Erwischt? Ist er gefeuert? Ich dachte immer so, aber dann wurde mir klar, dass niemand es wusste. Es war niemand in meinem Haus und er musste mich kontrollieren.
?Emma?? Ich blickte auf, sah den alten Mann an meinem Schreibtisch an, fand später heraus, dass es Mr. Manson war, er sah mich an. Emma, ​​hast du mir zugehört?
?Ach nein. Tut mir leid, Mr. Manson, bin ich in Mathe versunken? Ich lächelte ihn an, damit er es kaufte, aber offensichtlich wusste er, dass es ein Scherz war, als die ganze Klasse anfing zu lachen.
?Es könnte sein? spottete er. Sie werden im Büro des Rektors gebraucht. Du kannst deine Sachen nehmen und gehen.
Ich runzelte die Stirn, stand aber auf, um meine Sachen durch den Flur ins Büro zu bringen. Oh mein Gott, jemand hat es herausgefunden Sie haben Mr. Jenson gefeuert und jetzt werde ich gefeuert Als ich das Büro betrat, begann ich vor Angst zu zittern und sah den Manager mit einem Lächeln im Gesicht dastehen. ? Emma? Sein Lächeln wurde breiter, als er meinen Namen sagte, als würde er mich mein ganzes Leben lang kennen. ?Wie geht es dir heute??

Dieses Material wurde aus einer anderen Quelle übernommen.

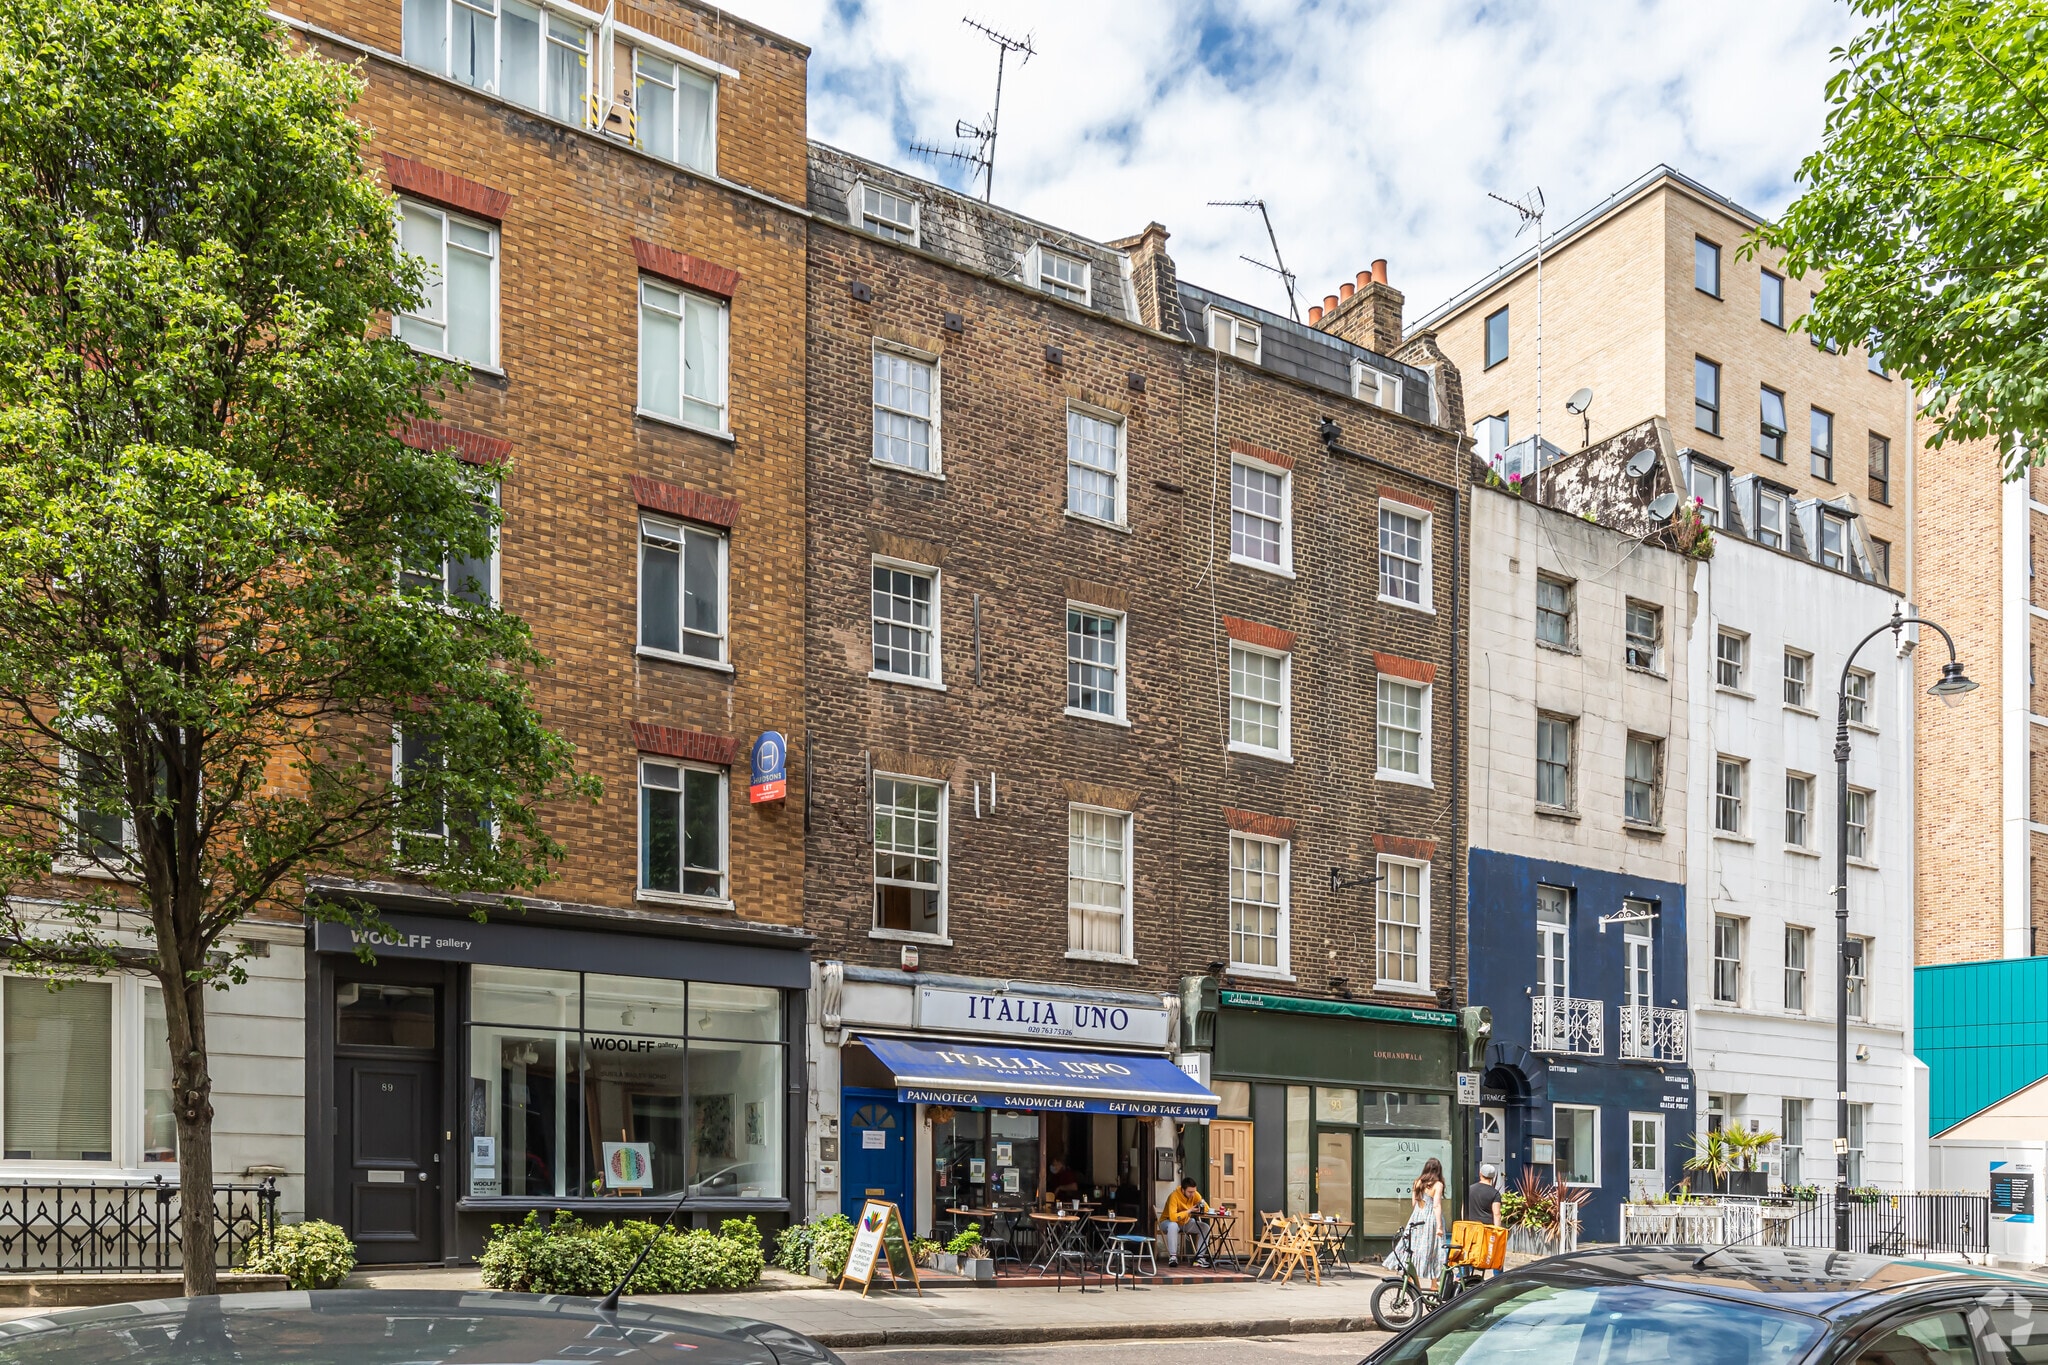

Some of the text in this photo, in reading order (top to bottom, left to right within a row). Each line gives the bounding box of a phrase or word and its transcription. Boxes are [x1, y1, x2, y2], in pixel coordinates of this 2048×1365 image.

Äh… okay, denke ich. Bin ich in Schwierigkeiten, Direktor Powel? fragte ich zitternd
?Artikel O Gott, nein Wir haben vor ein paar Minuten einen Anruf von deinem Vater bekommen. Er möchte, dass Sie von hier aus direkt nach Hause gehen. Er sagte, es sei ein Notfall in der Familie.
Notfall? Ich dachte. So schlimm es klingt, ich war froh, dass es nicht um Mr. Jenson ging. ?Oh, in Ordnung. Danke mein Herr.? Ich stand auf, packte meine Sachen und ging zur Tür hinaus. Ich ging durch leere Gänge, bis ich den Ausgang erreichte. Ich stieß die Tür auf und schaute auf den Parkplatz und seufzte. Nach Hause zu laufen war nicht gerade das Highlight meines Tages, aber immerhin bin ich früh aufgestanden.

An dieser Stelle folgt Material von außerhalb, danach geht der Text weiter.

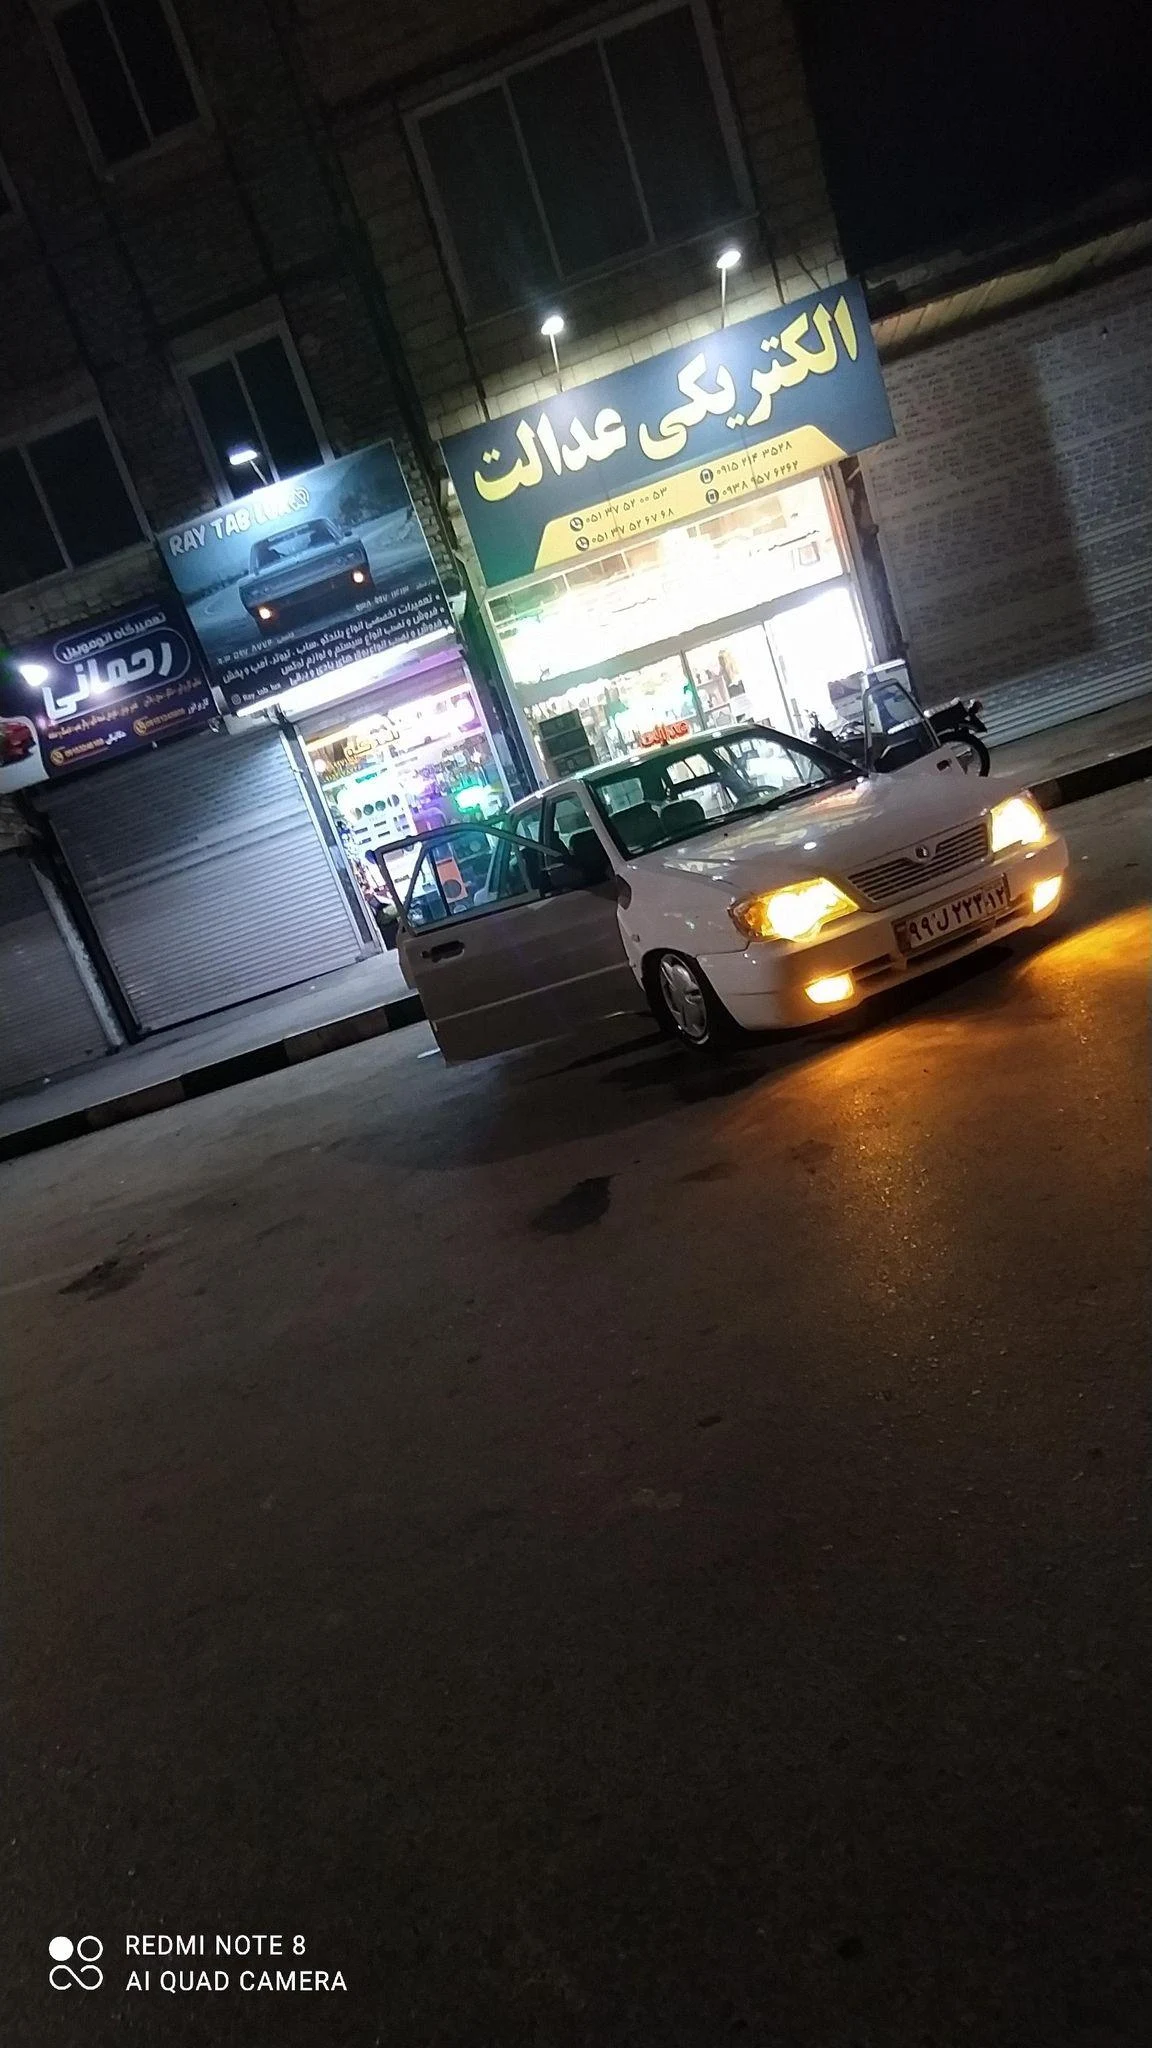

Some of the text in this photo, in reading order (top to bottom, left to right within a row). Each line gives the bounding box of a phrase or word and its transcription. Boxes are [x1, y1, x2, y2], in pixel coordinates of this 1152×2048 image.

[473, 295, 858, 502] الکتریکی عدالت
[169, 526, 206, 556] RAY
[212, 506, 252, 539] TAB
[113, 613, 166, 640] تعمیرگاه
[412, 606, 438, 625] فروش
[346, 621, 364, 638] انواع
[364, 628, 382, 645] انواع
[42, 642, 172, 720] رحمانی
[908, 917, 934, 941] ۹۹

Ein paar Blocks von der Schule und weitere acht Blocks entfernt sprang ich auf, als mich ein Auto anhupte: Hey Emma? Ich drehte mich um und sah Mr. Jenson in seinem alten, rostigen Auto mit einem breiten Lächeln im Gesicht.
Hallo Mr. Jenson. Ich lächelte und ging weiter, als sein Auto neben mir anhielt. Warum warst du heute nicht in der Schule?
Nun, hatte ich keine Lust zu gehen? grinste. Du weißt, dass Lehrer es fast genauso hassen wie Schüler. Überspringen.? Er lächelte und hielt das Auto an, das die Tür öffnete.
?In Ordnung? Ich lächelte und hielt dann inne und seufzte. Ich kann es nicht. Mein Vater rief in der Schule an. Ich muss nach Hause gehen.?
Nein, tust du nicht. Um mein Wort zu halten, habe ich in der Schule angerufen und mich als dein Vater ausgegeben. Er grinste wieder und ich konnte spüren, wie mein Körper vor Aufregung zu zittern begann.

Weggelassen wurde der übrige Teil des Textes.